Your assignment - What you return should match the material below line for line, except that no image appears in it.

━━━━━━━━━━━━━━━━

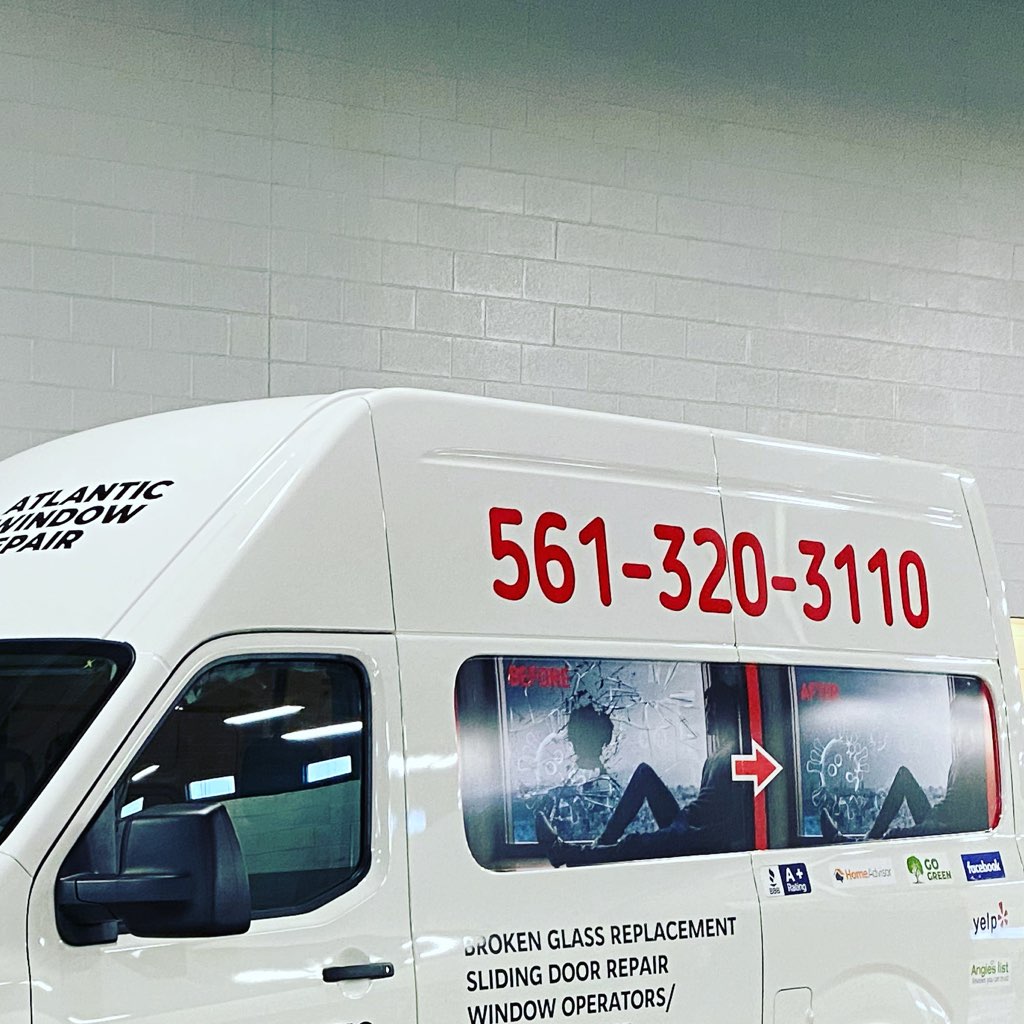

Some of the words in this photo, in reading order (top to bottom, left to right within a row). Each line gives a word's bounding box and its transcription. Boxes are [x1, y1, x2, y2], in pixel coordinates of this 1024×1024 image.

[3, 479, 175, 515] ATLANTIC
[489, 507, 931, 629] 561-320-3110
[786, 867, 803, 882] A+
[924, 859, 939, 870] GO
[927, 871, 952, 881] GREEN
[967, 858, 1001, 873] facebook
[464, 930, 542, 956] BROKEN
[547, 926, 605, 950] GLASS
[611, 916, 737, 945] REPLACEMENT
[973, 912, 997, 935] yelp
[466, 965, 543, 992] SLIDING
[548, 959, 601, 984] DOOR
[606, 954, 669, 979] REPAIR
[561, 983, 676, 1018] OPERATORS/

━━━━━━━━━━━━━━━━

Answer section -
Some of the words in this photo, in reading order (top to bottom, left to right within a row). Each line gives a word's bounding box and its transcription. Boxes are [x1, y1, x2, y2], in pixel coordinates of this 1024×1024 image.

[3, 479, 175, 515] ATLANTIC
[489, 507, 931, 629] 561-320-3110
[786, 867, 803, 882] A+
[924, 859, 939, 870] GO
[927, 871, 952, 881] GREEN
[967, 858, 1001, 873] facebook
[464, 930, 542, 956] BROKEN
[547, 926, 605, 950] GLASS
[611, 916, 737, 945] REPLACEMENT
[973, 912, 997, 935] yelp
[466, 965, 543, 992] SLIDING
[548, 959, 601, 984] DOOR
[606, 954, 669, 979] REPAIR
[561, 983, 676, 1018] OPERATORS/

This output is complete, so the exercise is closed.